Setting: Quarterly board pack, 5 January 2027. Q3 ECL was KES 8.4M (2.1% coverage); Q4 ECL is KES 14.7M (3.6% coverage). The board chair wants to know why.

CharacterRole
Florence AchiengCFO
Kimani MwangiRisk Manager
Mary MutuaHead of Credit
Peter OtienoBoard chair
Aisha HassanExternal audit partner (observer)

Timeline

  1. Dec 28: Florence locks the Q4 macro scenarios. Downside weight raised from 20% to 35% on Risk Committee instruction (drought outlook + CBK rate hike). (ifrs9.scenario weights versioned)
  2. Dec 31, 23:59: Quarter-end snapshot fires automatically. 4,217 loans frozen with state. (ifrs9.run created, state=snapshotted)
  3. Jan 2, 09:00: Kimani runs the staging engine. 138 loans transitioned Stage 1 → Stage 2 (mostly agriculture sector — 30-day DPD breach plus sector watchlist trigger). (state=staged)
  4. Jan 2, 11:30: Engine completes PD/LGD/EAD across all three scenarios. Weighted ECL: KES 14.74M. (state=computed)
  5. Jan 3, 10:00: Mary cross-checks Stage 2 list against her watchlist. Two loans she expected to be Stage 3 are still Stage 2 — Kimani checks: both restructured last quarter, in cure period. (Cure-period flag on loan record)
  6. Jan 3, 14:00: Florence approves; journal of KES 6.31M (the increment) posts to GL account 5520 Impairment Loss. (state=posted, account.move id 8842)
  7. Jan 5, 09:00: Board pack distributed. ECL bridge shows: +KES 2.1M staging migration, +KES 3.4M macro overlay (downside weight up), +KES 0.81M new originations. (Audit pack section 4)
  8. Jan 5, 15:00: Board meeting. Florence walks Peter through the bridge. Aisha (auditor) confirms the model documentation and sign-offs are in order. (Minute item 7.3)

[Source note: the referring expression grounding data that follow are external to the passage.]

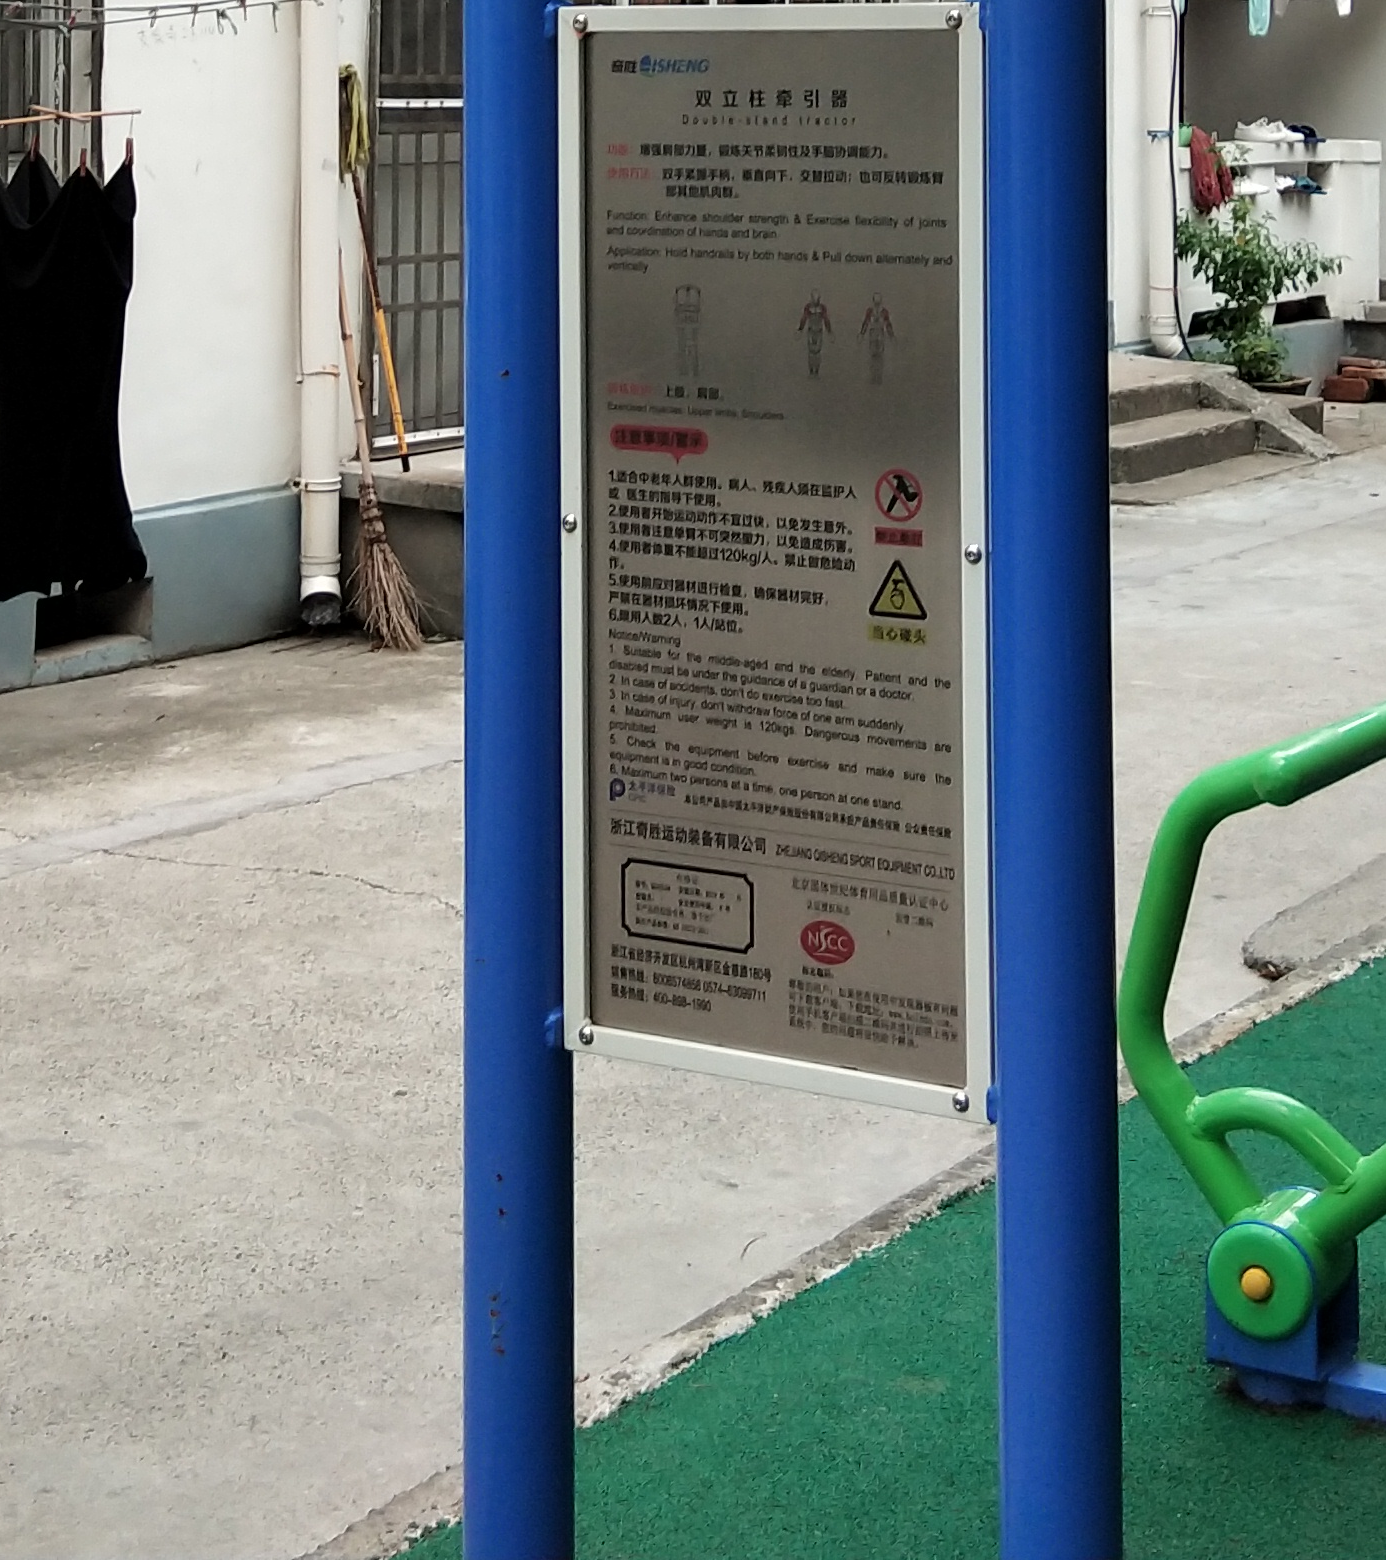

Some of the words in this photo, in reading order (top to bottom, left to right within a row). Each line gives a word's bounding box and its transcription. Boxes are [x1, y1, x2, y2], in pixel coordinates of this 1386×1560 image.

[695, 89, 848, 109] 双立柱牵引器
[903, 216, 915, 228] of
[918, 217, 948, 231] joints
[844, 251, 873, 264] down
[657, 678, 669, 690] of
[746, 688, 760, 701] do
[761, 692, 804, 705] exercise
[691, 669, 720, 680] under
[722, 670, 738, 683] the
[740, 674, 786, 688] guidance
[787, 676, 798, 689] of
[809, 680, 854, 695] guardian
[856, 686, 867, 696] or
[869, 687, 876, 698] a
[907, 675, 928, 687] and
[934, 677, 952, 689] the
[657, 693, 669, 705] of
[772, 706, 799, 720] force
[800, 710, 811, 721] of
[813, 712, 832, 724] one
[834, 715, 855, 726] arm
[804, 725, 861, 742] Dangerous
[866, 734, 928, 751] movements
[934, 742, 952, 754] are
[626, 734, 657, 749] Check
[688, 744, 740, 760] equipment
[747, 749, 780, 764] before
[787, 757, 830, 771] exercise
[838, 761, 858, 774] and
[865, 765, 895, 779] make
[903, 769, 927, 783] sure
[934, 772, 952, 786] the
[683, 759, 709, 772] good
[669, 771, 688, 783] two
[689, 775, 729, 789] persons
[850, 795, 870, 807] one
[610, 818, 767, 856] 浙江奇胜运动装备有限公司
[849, 853, 876, 870] SPORT
[807, 924, 848, 953] NSCC
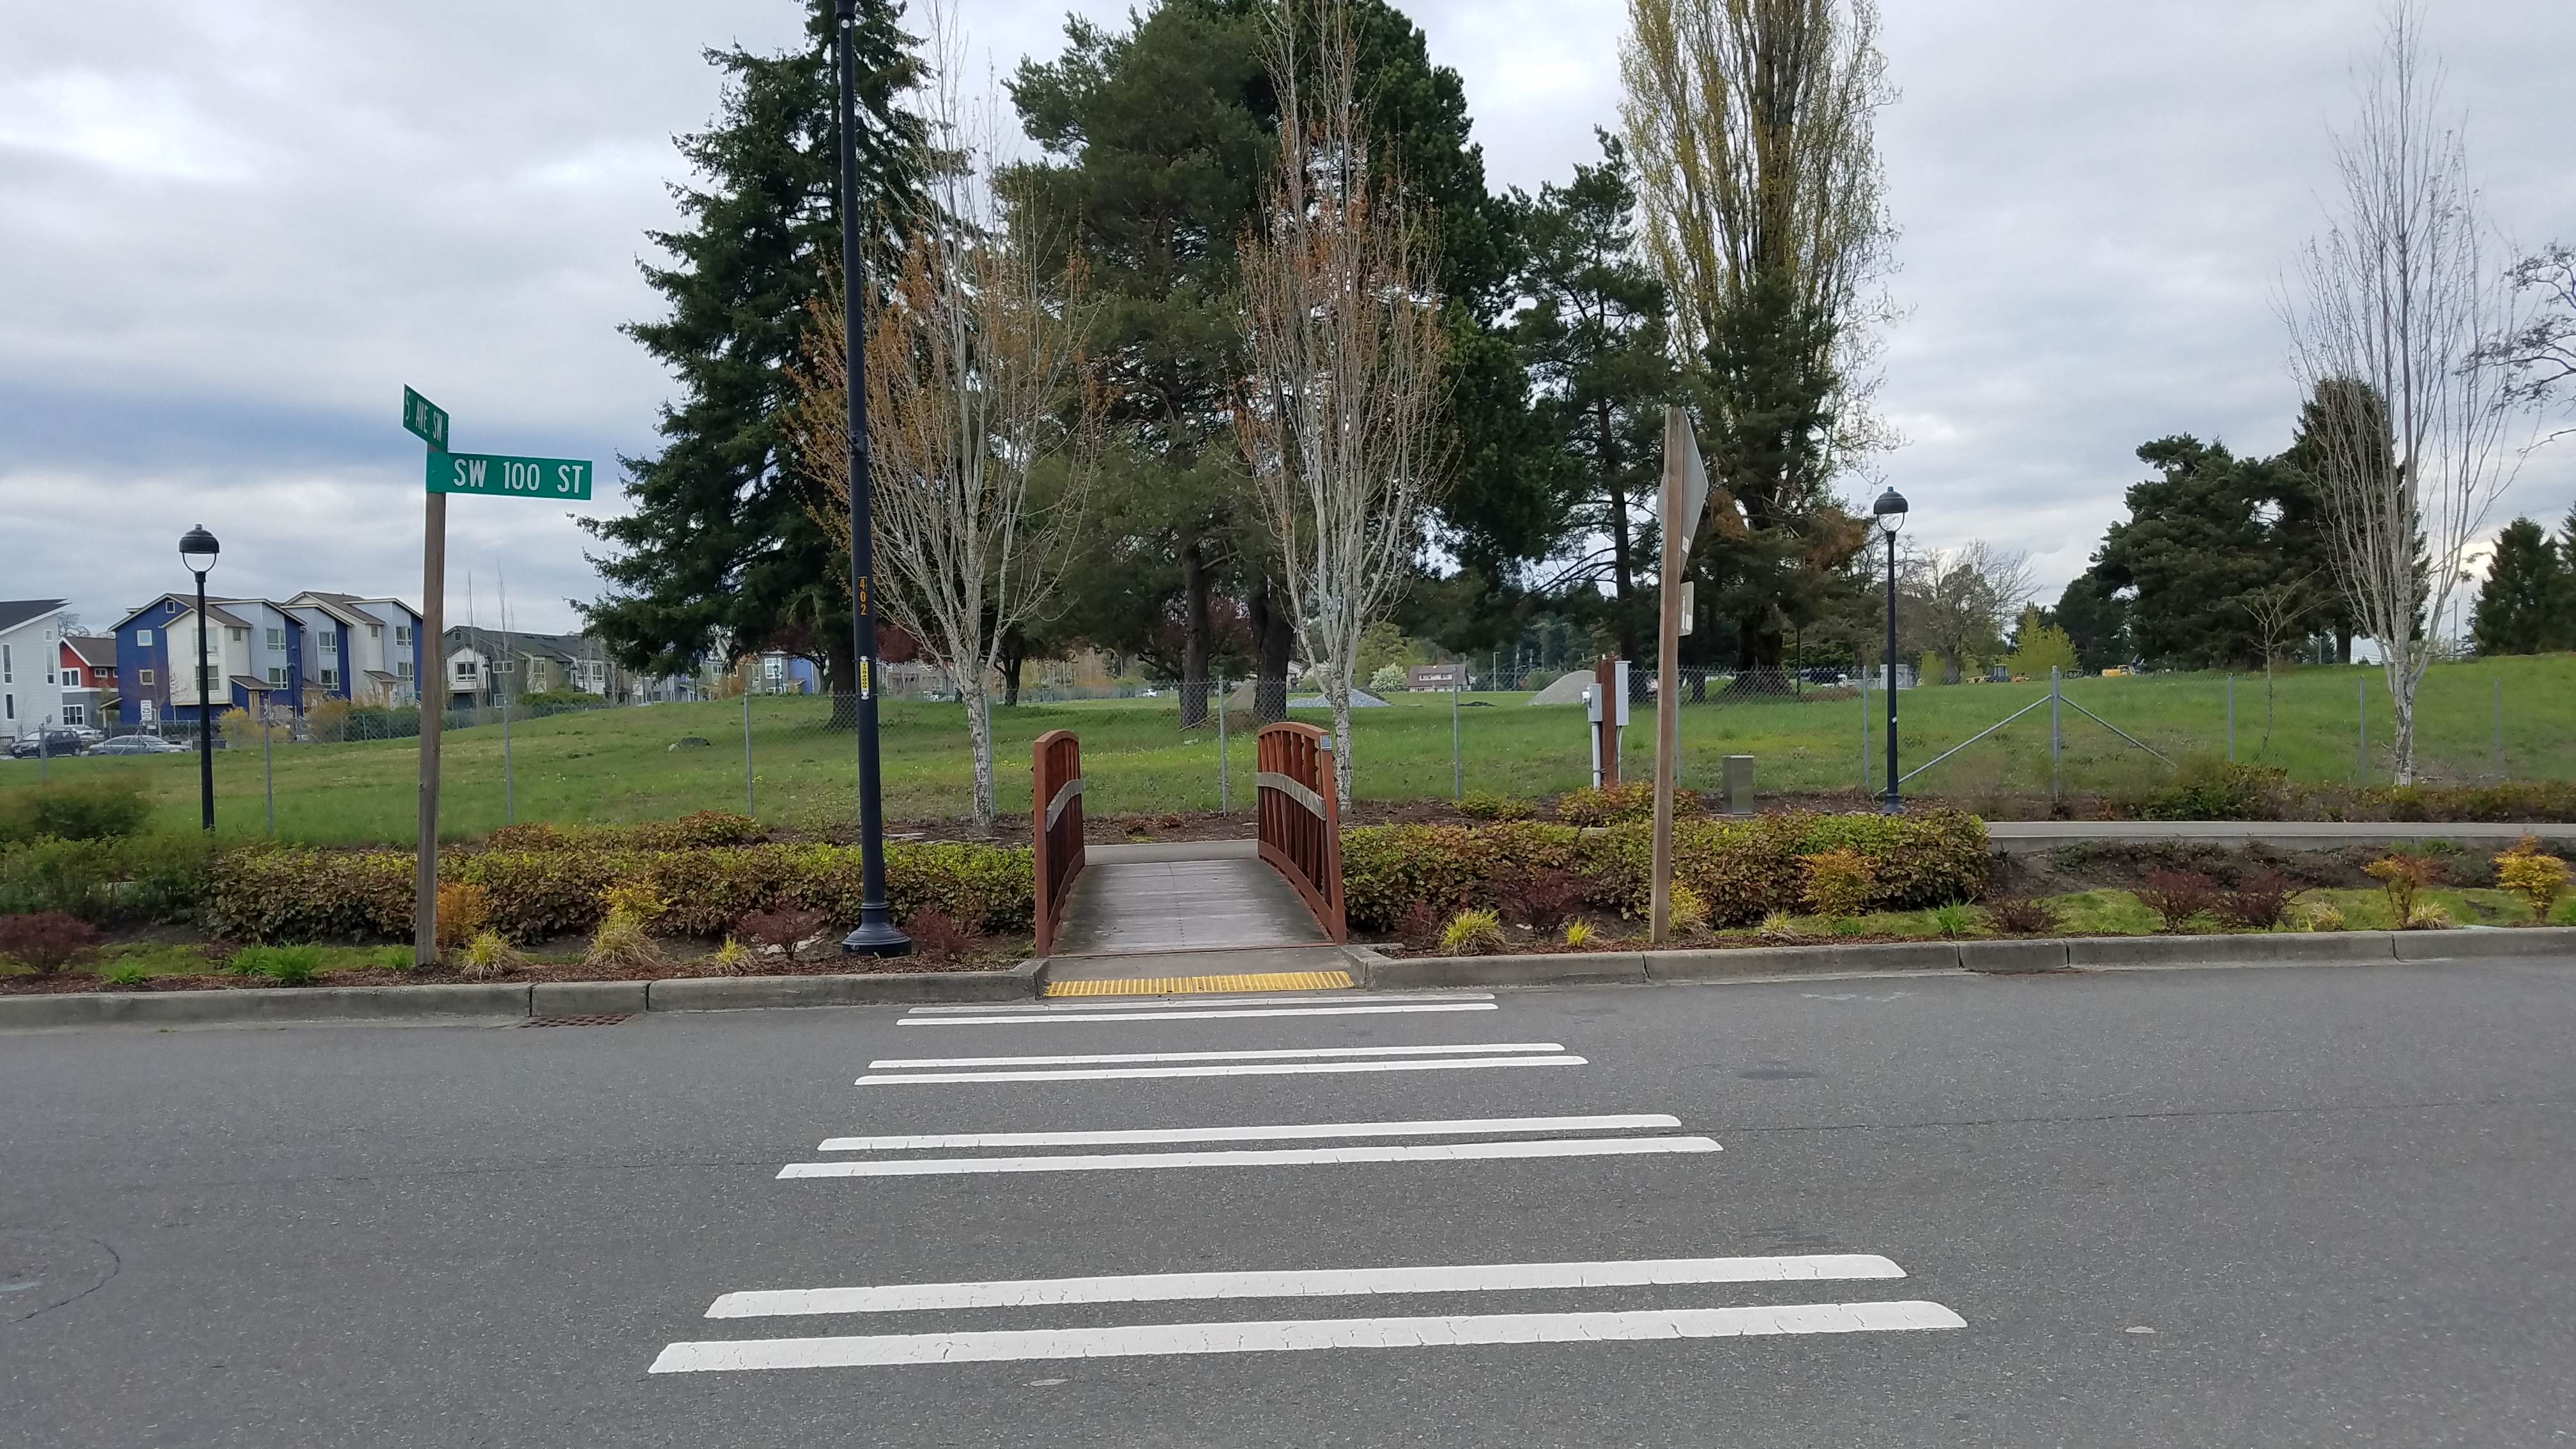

Outcome — Board accepts the ECL number. Risk Committee asked to revisit agriculture sector exposure cap in Q1 2027.

Reference

Key BridgeERP models in the IFRS 9 app

ModelPurposeKey fields
ifrs9.runOne quarterly runname, period_end, state, total_ead, total_ecl, scenario_ids
ifrs9.run.lineOne loan in a runloan_id, stage, ead, pd_12m, pd_lifetime, lgd, ecl_base, ecl_upside, ecl_downside, ecl_weighted
ifrs9.assumptionPD/LGD parameter set, versionedsegment_id, stage, pd_value, lgd_value, valid_from, valid_to
ifrs9.scenarioMacro scenario + weightname, type (base/upside/downside), weight, macro_factors_json
ifrs9.staging.ruleSICR / Stage transition rulename, sequence, condition_python, target_stage
ifrs9.audit.packAuto-built audit bundlerun_id, document_ids, sign_off_ids, state

Access groups

GroupReadWriteApprove
MFI / IFRS 9 / ViewerYesNoNo
MFI / IFRS 9 / AnalystYesYes (draft only)No
MFI / IFRS 9 / Risk ManagerYesYes (assumptions, scenarios)No
MFI / IFRS 9 / CFOYesYesYes (lock + post)
Accounting / BillingRun summary onlyNoNo

Troubleshooting

SymptomLikely causeFix
ECL number swings dramatically quarter-to-quarter for no obvious portfolio reason.Scenario weights edited mid-quarter without versioning, or PD assumptions updated without recomputing prior quarters.Open the run audit log (Run → Audit tab). Compare assumption-version IDs with prior quarter. If they differ, document the change in the assumption-change register and refer to the audit pack.
Run stuck in computing state for more than 30 minutes.Long-running cron worker on a large book (>10k loans) or DB lock from a concurrent backup.Check (managed by the platform team — raise a support case if needed). If the worker is alive, wait. If killed, re-run from Run → Recompute; the engine is idempotent at the run-line level.
External auditor says "model documentation is insufficient."The audit pack was exported before all sign-offs were captured.Re-open the audit pack, ensure the four sign-offs (Analyst, Risk Manager, CFO, Internal Audit) are all present, then regenerate the PDF. See audit pack.
ECL coverage looks unreasonably low (e.g. 0.3%) on a 30-day book.Macro overlay scenario weights default to 100% upside — usually because someone copied a sandbox tenant.IFRS 9 → Scenarios. Confirm weights sum to 100% with base ~50%, upside ~20-25%, downside ~25-30%. CFO must sign off any deviation.
Stage 3 loan count is zero despite obvious NPLs.Staging rules disabled, or DPD threshold mis-configured at 180 instead of 90.IFRS 9 → Configuration → Staging Rules. Activate the default rule set and verify DPD ≥ 90 → Stage 3 is sequence 10 and active.